**EXERCISE:**
Extract every record, exactly as written, and ignore the pictures.
==== RECORDED INFORMATION ====
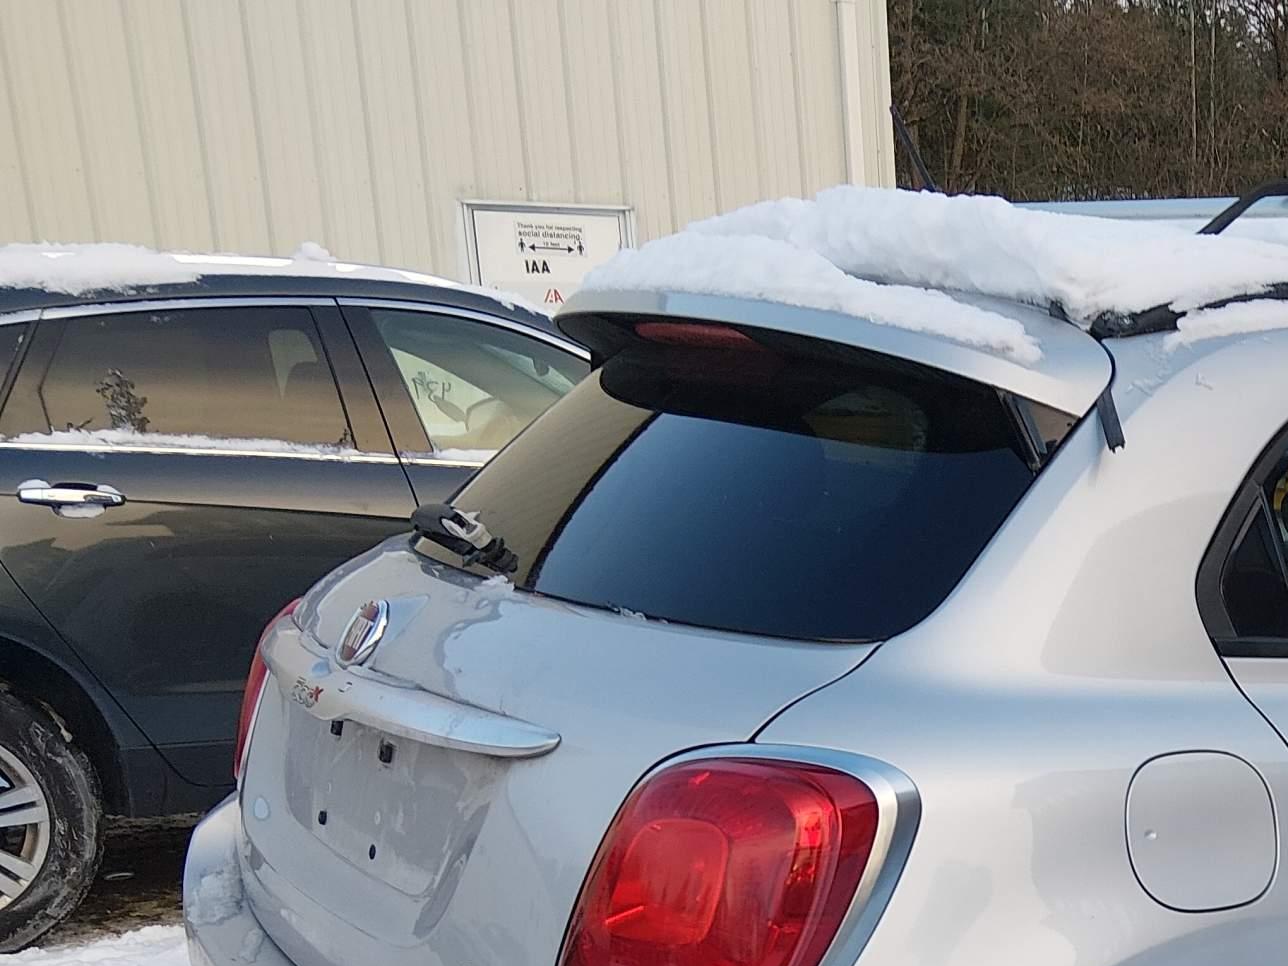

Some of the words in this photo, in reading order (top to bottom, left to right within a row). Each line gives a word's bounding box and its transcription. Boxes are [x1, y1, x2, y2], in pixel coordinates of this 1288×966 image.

[518, 230, 540, 238] social
[542, 232, 583, 241] distancing.
[525, 259, 551, 274] IAA
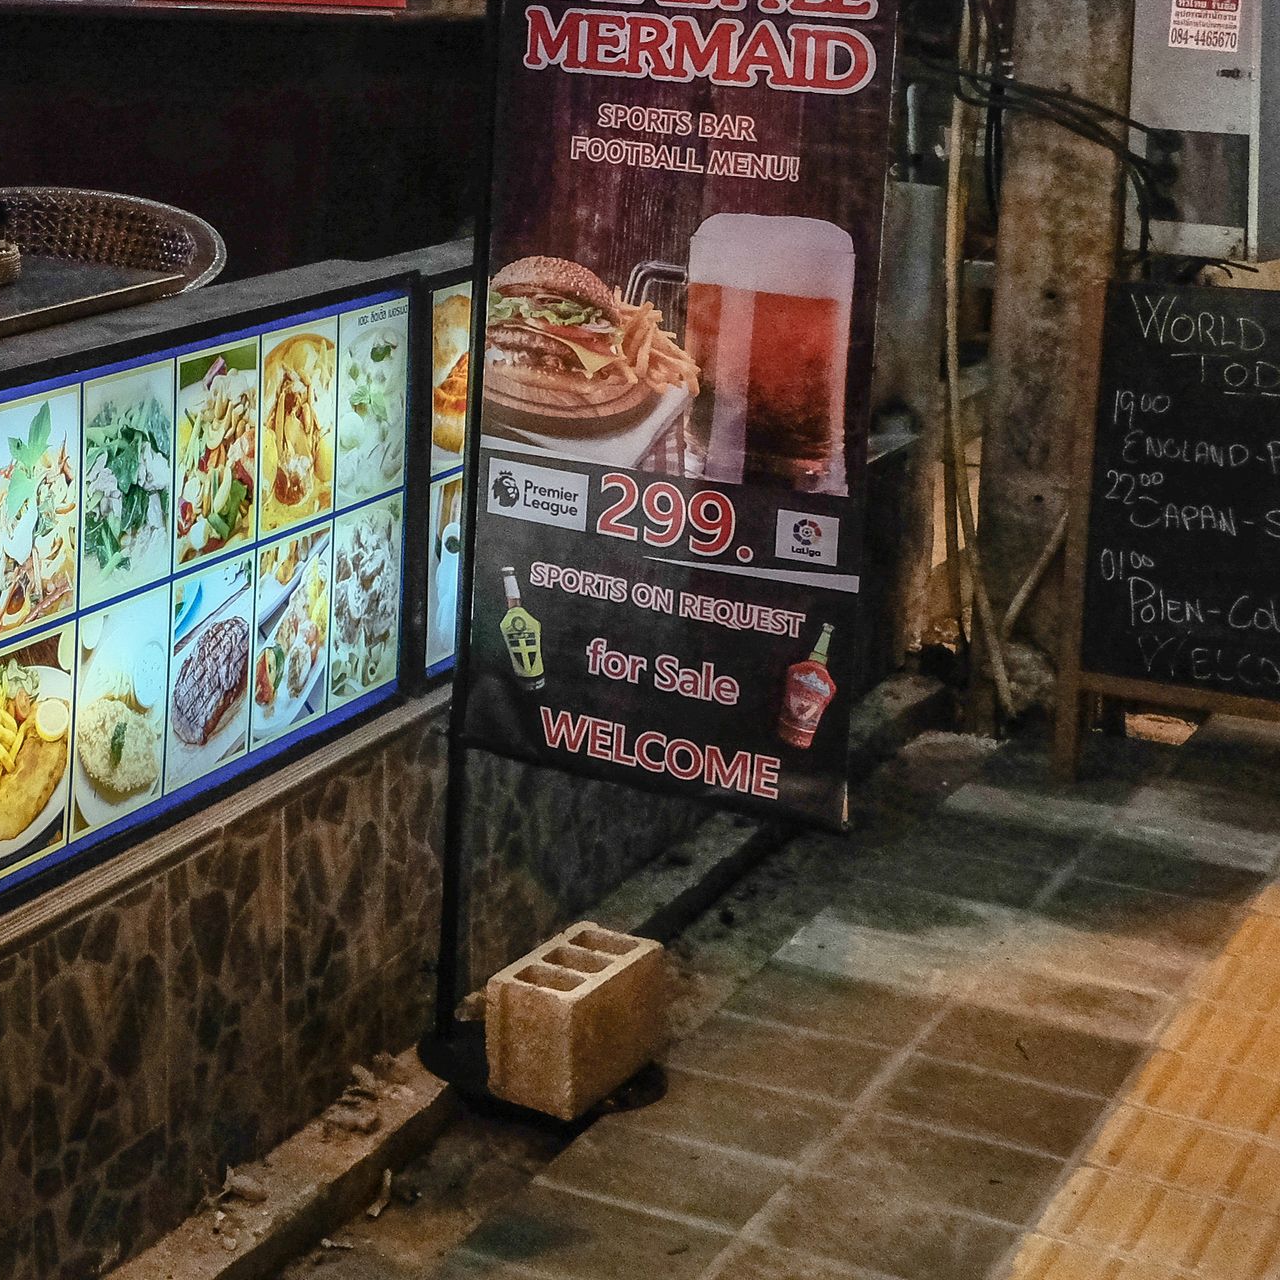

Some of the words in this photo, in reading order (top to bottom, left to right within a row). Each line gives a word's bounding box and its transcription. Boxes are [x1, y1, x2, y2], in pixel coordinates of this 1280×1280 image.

[523, 4, 877, 96] MERMAID
[1170, 27, 1237, 49] 084-4465670
[597, 103, 692, 136] SPORTS
[699, 113, 757, 143] BAR
[570, 135, 704, 174] FOOTBALL
[707, 151, 801, 183] MENU!
[1130, 293, 1266, 352] WORLD
[523, 479, 580, 505] Premier
[523, 495, 579, 518] League
[595, 471, 756, 564] 299.
[791, 545, 822, 558] LaLiga
[529, 561, 627, 603] SPORTS
[632, 582, 675, 614] ON
[679, 593, 807, 639] REQUEST
[586, 637, 647, 684] for
[652, 655, 740, 706] Sale
[539, 706, 782, 801] WELCOME
====
**REPLY TO THE TASK:**
Some of the words in this photo, in reading order (top to bottom, left to right within a row). Each line gives a word's bounding box and its transcription. Boxes are [x1, y1, x2, y2], in pixel coordinates of this 1288×966 image.

[518, 230, 540, 238] social
[542, 232, 583, 241] distancing.
[525, 259, 551, 274] IAA

Some of the words in this photo, in reading order (top to bottom, left to right within a row). Each line gives a word's bounding box and its transcription. Boxes are [x1, y1, x2, y2], in pixel coordinates of this 1280×1280 image.

[523, 4, 877, 96] MERMAID
[1170, 27, 1237, 49] 084-4465670
[597, 103, 692, 136] SPORTS
[699, 113, 757, 143] BAR
[570, 135, 704, 174] FOOTBALL
[707, 151, 801, 183] MENU!
[1130, 293, 1266, 352] WORLD
[523, 479, 580, 505] Premier
[523, 495, 579, 518] League
[595, 471, 756, 564] 299.
[791, 545, 822, 558] LaLiga
[529, 561, 627, 603] SPORTS
[632, 582, 675, 614] ON
[679, 593, 807, 639] REQUEST
[586, 637, 647, 684] for
[652, 655, 740, 706] Sale
[539, 706, 782, 801] WELCOME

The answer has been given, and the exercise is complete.